** Aim of the exercise **
Everything in the records below is to be reproduced exactly, apart from the images.

** Information given **
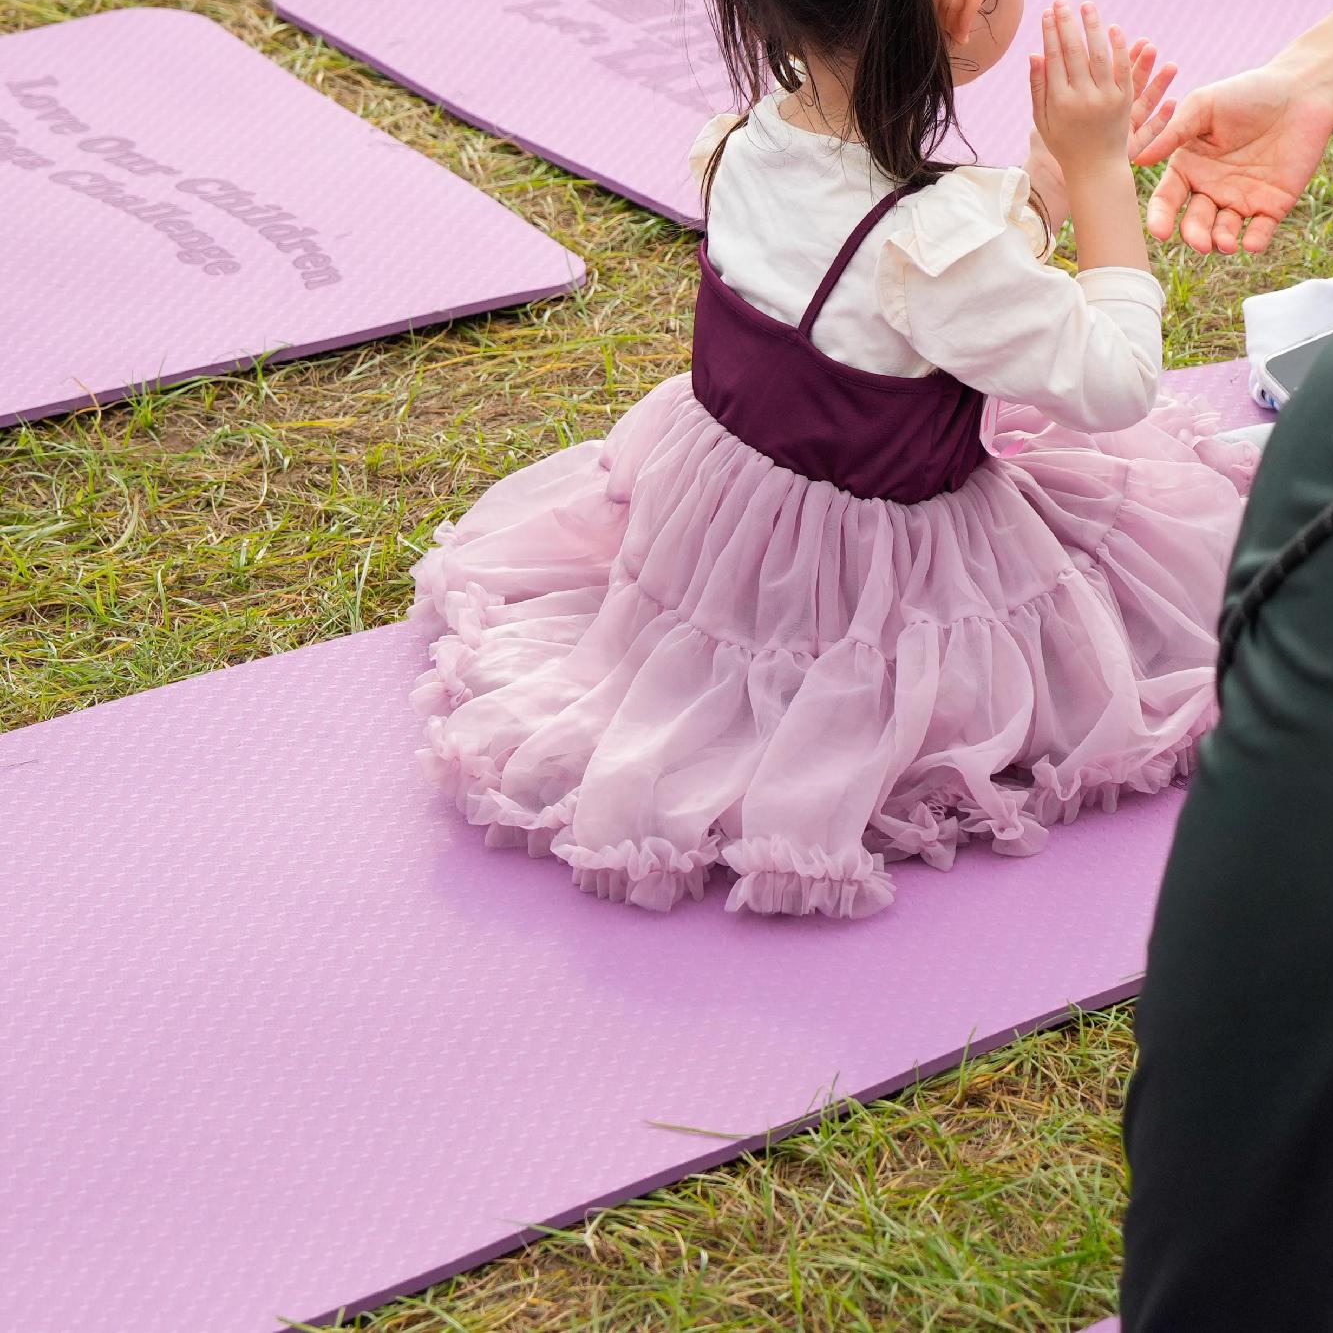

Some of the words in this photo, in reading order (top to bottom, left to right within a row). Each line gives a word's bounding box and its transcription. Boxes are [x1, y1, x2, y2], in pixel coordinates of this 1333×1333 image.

[5, 74, 91, 136] Love
[76, 135, 184, 177] Our
[174, 177, 343, 291] Children
[48, 169, 243, 277] Challenge
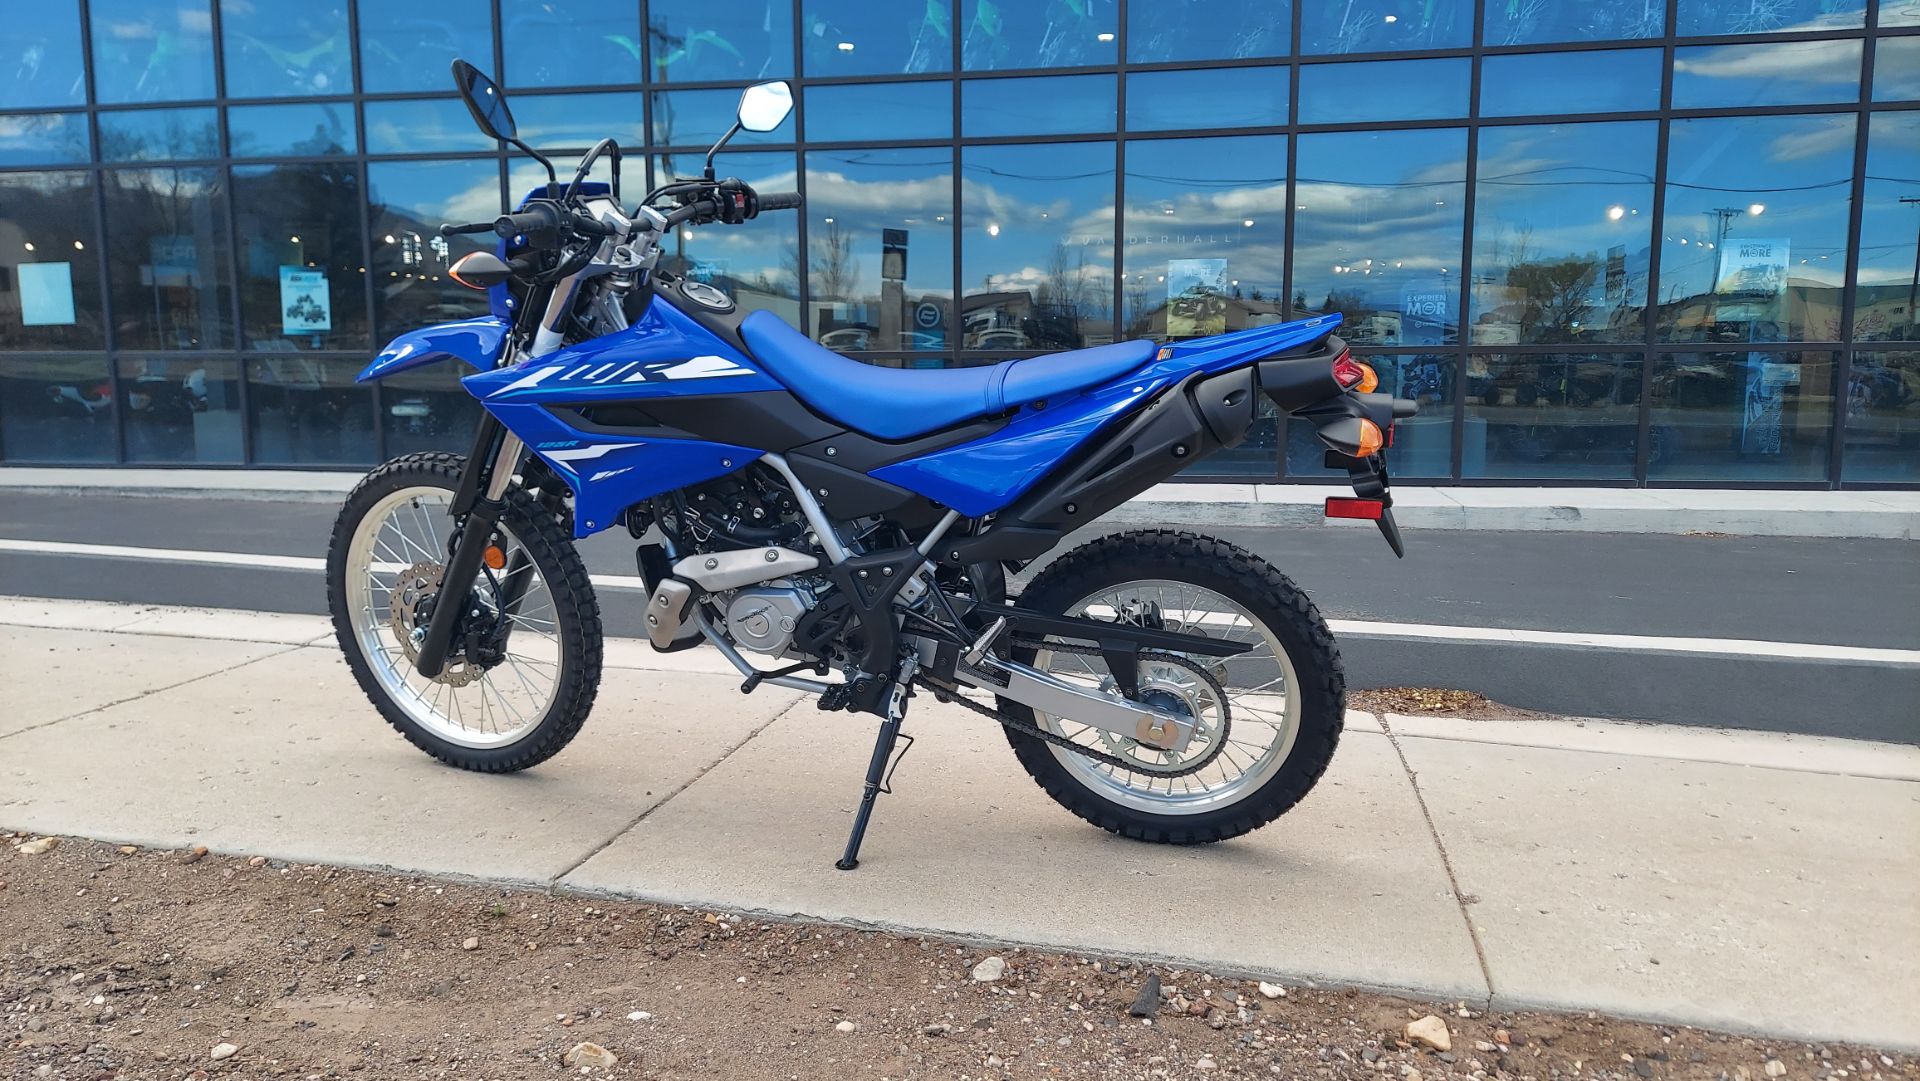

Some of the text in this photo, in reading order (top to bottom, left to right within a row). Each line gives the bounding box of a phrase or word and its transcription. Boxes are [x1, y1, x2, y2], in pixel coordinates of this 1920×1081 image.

[1739, 248, 1771, 258] MORE
[1407, 294, 1447, 302] EXPERIEN
[1406, 301, 1446, 316] MOR

** Answer box **
Some of the words in this photo, in reading order (top to bottom, left to right within a row). Each line gives a word's bounding box and its transcription. Boxes are [x1, y1, x2, y2], in pixel coordinates of this 1333×1333 image.

[5, 74, 91, 136] Love
[76, 135, 184, 177] Our
[174, 177, 343, 291] Children
[48, 169, 243, 277] Challenge

Some of the text in this photo, in reading order (top to bottom, left to right within a row). Each line gives the bounding box of a phrase or word and its transcription. Boxes are [x1, y1, x2, y2], in pixel coordinates of this 1920×1081 image.

[1739, 248, 1771, 258] MORE
[1407, 294, 1447, 302] EXPERIEN
[1406, 301, 1446, 316] MOR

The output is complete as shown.